* _Action item_:
The listing that follows is to be output in full and without change.

* _Input data_:
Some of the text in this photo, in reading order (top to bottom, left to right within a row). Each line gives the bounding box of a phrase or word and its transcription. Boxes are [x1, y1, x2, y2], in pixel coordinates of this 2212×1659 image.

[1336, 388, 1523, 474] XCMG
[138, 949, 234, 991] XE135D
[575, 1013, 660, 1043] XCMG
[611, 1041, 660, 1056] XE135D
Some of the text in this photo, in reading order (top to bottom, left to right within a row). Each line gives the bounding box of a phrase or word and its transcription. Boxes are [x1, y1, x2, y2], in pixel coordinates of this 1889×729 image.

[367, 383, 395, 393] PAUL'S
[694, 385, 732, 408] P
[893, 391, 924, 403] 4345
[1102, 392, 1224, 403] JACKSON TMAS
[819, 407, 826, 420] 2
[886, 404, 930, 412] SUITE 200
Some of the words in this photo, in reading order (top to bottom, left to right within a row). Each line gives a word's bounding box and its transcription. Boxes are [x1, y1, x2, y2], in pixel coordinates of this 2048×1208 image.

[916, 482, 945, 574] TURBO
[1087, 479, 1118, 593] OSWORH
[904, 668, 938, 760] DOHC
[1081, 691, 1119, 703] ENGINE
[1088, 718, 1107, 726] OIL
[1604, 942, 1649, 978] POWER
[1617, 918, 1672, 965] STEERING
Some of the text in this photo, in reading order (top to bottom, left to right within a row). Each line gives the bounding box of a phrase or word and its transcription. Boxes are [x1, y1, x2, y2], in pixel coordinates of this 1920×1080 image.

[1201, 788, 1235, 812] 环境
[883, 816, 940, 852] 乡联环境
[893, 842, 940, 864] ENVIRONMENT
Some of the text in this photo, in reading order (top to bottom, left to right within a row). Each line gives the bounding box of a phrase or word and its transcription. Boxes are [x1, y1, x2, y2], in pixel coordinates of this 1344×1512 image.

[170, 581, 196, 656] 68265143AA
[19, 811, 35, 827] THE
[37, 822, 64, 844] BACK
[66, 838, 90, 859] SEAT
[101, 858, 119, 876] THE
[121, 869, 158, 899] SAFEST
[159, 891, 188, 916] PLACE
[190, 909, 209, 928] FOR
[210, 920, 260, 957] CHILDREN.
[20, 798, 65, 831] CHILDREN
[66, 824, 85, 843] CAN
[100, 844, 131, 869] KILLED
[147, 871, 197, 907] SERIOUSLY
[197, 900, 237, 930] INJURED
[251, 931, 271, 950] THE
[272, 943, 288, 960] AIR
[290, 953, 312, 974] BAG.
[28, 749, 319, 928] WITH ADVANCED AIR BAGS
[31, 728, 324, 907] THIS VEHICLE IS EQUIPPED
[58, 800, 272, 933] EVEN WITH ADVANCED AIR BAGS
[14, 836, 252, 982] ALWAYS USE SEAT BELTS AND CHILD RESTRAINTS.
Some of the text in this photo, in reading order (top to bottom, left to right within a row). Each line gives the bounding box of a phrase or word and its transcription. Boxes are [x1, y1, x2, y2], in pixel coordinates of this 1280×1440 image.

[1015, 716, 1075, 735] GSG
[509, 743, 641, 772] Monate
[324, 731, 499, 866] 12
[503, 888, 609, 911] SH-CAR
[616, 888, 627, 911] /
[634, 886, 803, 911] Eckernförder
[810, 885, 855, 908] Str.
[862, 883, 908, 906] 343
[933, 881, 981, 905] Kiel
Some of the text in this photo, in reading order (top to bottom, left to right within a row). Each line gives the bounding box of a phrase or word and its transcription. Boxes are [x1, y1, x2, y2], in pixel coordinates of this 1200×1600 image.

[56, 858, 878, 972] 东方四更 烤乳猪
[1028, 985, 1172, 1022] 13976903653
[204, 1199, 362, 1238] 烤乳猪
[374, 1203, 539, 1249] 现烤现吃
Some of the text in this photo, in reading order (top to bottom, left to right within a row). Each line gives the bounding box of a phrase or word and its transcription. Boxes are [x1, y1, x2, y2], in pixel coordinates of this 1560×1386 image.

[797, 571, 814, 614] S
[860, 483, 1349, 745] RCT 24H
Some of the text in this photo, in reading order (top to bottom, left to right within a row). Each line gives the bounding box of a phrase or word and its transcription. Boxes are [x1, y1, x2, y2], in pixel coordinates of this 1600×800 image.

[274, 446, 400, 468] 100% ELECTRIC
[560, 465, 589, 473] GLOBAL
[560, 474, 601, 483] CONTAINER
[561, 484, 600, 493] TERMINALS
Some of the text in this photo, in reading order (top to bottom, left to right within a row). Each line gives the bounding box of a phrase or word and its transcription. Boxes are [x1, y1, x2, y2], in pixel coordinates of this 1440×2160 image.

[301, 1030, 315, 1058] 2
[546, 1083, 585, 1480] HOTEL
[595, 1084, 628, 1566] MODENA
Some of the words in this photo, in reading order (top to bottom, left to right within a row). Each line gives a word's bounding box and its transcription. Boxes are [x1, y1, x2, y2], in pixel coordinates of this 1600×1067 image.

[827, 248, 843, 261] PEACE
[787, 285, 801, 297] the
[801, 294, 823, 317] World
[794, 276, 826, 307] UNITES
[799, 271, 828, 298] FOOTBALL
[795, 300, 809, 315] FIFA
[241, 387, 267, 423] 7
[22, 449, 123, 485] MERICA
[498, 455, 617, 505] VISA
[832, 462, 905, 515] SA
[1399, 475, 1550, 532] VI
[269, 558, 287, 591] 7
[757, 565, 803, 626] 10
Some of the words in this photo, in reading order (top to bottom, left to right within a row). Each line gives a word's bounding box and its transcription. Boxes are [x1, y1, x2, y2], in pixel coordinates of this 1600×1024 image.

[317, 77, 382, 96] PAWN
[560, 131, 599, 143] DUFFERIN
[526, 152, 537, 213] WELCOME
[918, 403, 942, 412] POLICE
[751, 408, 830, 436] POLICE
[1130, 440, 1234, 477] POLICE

* _Result_:
Some of the text in this photo, in reading order (top to bottom, left to right within a row). Each line gives the bounding box of a phrase or word and its transcription. Boxes are [x1, y1, x2, y2], in pixel coordinates of this 2212×1659 image.

[1336, 388, 1523, 474] XCMG
[138, 949, 234, 991] XE135D
[575, 1013, 660, 1043] XCMG
[611, 1041, 660, 1056] XE135D
Some of the text in this photo, in reading order (top to bottom, left to right within a row). Each line gives the bounding box of a phrase or word and its transcription. Boxes are [x1, y1, x2, y2], in pixel coordinates of this 1889×729 image.

[367, 383, 395, 393] PAUL'S
[694, 385, 732, 408] P
[893, 391, 924, 403] 4345
[1102, 392, 1224, 403] JACKSON TMAS
[819, 407, 826, 420] 2
[886, 404, 930, 412] SUITE 200
Some of the words in this photo, in reading order (top to bottom, left to right within a row). Each line gives a word's bounding box and its transcription. Boxes are [x1, y1, x2, y2], in pixel coordinates of this 2048×1208 image.

[916, 482, 945, 574] TURBO
[1087, 479, 1118, 593] OSWORH
[904, 668, 938, 760] DOHC
[1081, 691, 1119, 703] ENGINE
[1088, 718, 1107, 726] OIL
[1604, 942, 1649, 978] POWER
[1617, 918, 1672, 965] STEERING
Some of the text in this photo, in reading order (top to bottom, left to right within a row). Each line gives the bounding box of a phrase or word and its transcription. Boxes are [x1, y1, x2, y2], in pixel coordinates of this 1920×1080 image.

[1201, 788, 1235, 812] 环境
[883, 816, 940, 852] 乡联环境
[893, 842, 940, 864] ENVIRONMENT
Some of the text in this photo, in reading order (top to bottom, left to right within a row). Each line gives the bounding box of a phrase or word and its transcription. Boxes are [x1, y1, x2, y2], in pixel coordinates of this 1344×1512 image.

[170, 581, 196, 656] 68265143AA
[19, 811, 35, 827] THE
[37, 822, 64, 844] BACK
[66, 838, 90, 859] SEAT
[101, 858, 119, 876] THE
[121, 869, 158, 899] SAFEST
[159, 891, 188, 916] PLACE
[190, 909, 209, 928] FOR
[210, 920, 260, 957] CHILDREN.
[20, 798, 65, 831] CHILDREN
[66, 824, 85, 843] CAN
[100, 844, 131, 869] KILLED
[147, 871, 197, 907] SERIOUSLY
[197, 900, 237, 930] INJURED
[251, 931, 271, 950] THE
[272, 943, 288, 960] AIR
[290, 953, 312, 974] BAG.
[28, 749, 319, 928] WITH ADVANCED AIR BAGS
[31, 728, 324, 907] THIS VEHICLE IS EQUIPPED
[58, 800, 272, 933] EVEN WITH ADVANCED AIR BAGS
[14, 836, 252, 982] ALWAYS USE SEAT BELTS AND CHILD RESTRAINTS.
Some of the text in this photo, in reading order (top to bottom, left to right within a row). Each line gives the bounding box of a phrase or word and its transcription. Boxes are [x1, y1, x2, y2], in pixel coordinates of this 1280×1440 image.

[1015, 716, 1075, 735] GSG
[509, 743, 641, 772] Monate
[324, 731, 499, 866] 12
[503, 888, 609, 911] SH-CAR
[616, 888, 627, 911] /
[634, 886, 803, 911] Eckernförder
[810, 885, 855, 908] Str.
[862, 883, 908, 906] 343
[933, 881, 981, 905] Kiel
Some of the text in this photo, in reading order (top to bottom, left to right within a row). Each line gives the bounding box of a phrase or word and its transcription. Boxes are [x1, y1, x2, y2], in pixel coordinates of this 1200×1600 image.

[56, 858, 878, 972] 东方四更 烤乳猪
[1028, 985, 1172, 1022] 13976903653
[204, 1199, 362, 1238] 烤乳猪
[374, 1203, 539, 1249] 现烤现吃
Some of the text in this photo, in reading order (top to bottom, left to right within a row). Each line gives the bounding box of a phrase or word and its transcription. Boxes are [x1, y1, x2, y2], in pixel coordinates of this 1560×1386 image.

[797, 571, 814, 614] S
[860, 483, 1349, 745] RCT 24H
Some of the text in this photo, in reading order (top to bottom, left to right within a row). Each line gives the bounding box of a phrase or word and its transcription. Boxes are [x1, y1, x2, y2], in pixel coordinates of this 1600×800 image.

[274, 446, 400, 468] 100% ELECTRIC
[560, 465, 589, 473] GLOBAL
[560, 474, 601, 483] CONTAINER
[561, 484, 600, 493] TERMINALS
Some of the text in this photo, in reading order (top to bottom, left to right within a row). Each line gives the bounding box of a phrase or word and its transcription. Boxes are [x1, y1, x2, y2], in pixel coordinates of this 1440×2160 image.

[301, 1030, 315, 1058] 2
[546, 1083, 585, 1480] HOTEL
[595, 1084, 628, 1566] MODENA
Some of the words in this photo, in reading order (top to bottom, left to right within a row). Each line gives a word's bounding box and its transcription. Boxes are [x1, y1, x2, y2], in pixel coordinates of this 1600×1067 image.

[827, 248, 843, 261] PEACE
[787, 285, 801, 297] the
[801, 294, 823, 317] World
[794, 276, 826, 307] UNITES
[799, 271, 828, 298] FOOTBALL
[795, 300, 809, 315] FIFA
[241, 387, 267, 423] 7
[22, 449, 123, 485] MERICA
[498, 455, 617, 505] VISA
[832, 462, 905, 515] SA
[1399, 475, 1550, 532] VI
[269, 558, 287, 591] 7
[757, 565, 803, 626] 10
Some of the words in this photo, in reading order (top to bottom, left to right within a row). Each line gives a word's bounding box and its transcription. Boxes are [x1, y1, x2, y2], in pixel coordinates of this 1600×1024 image.

[317, 77, 382, 96] PAWN
[560, 131, 599, 143] DUFFERIN
[526, 152, 537, 213] WELCOME
[918, 403, 942, 412] POLICE
[751, 408, 830, 436] POLICE
[1130, 440, 1234, 477] POLICE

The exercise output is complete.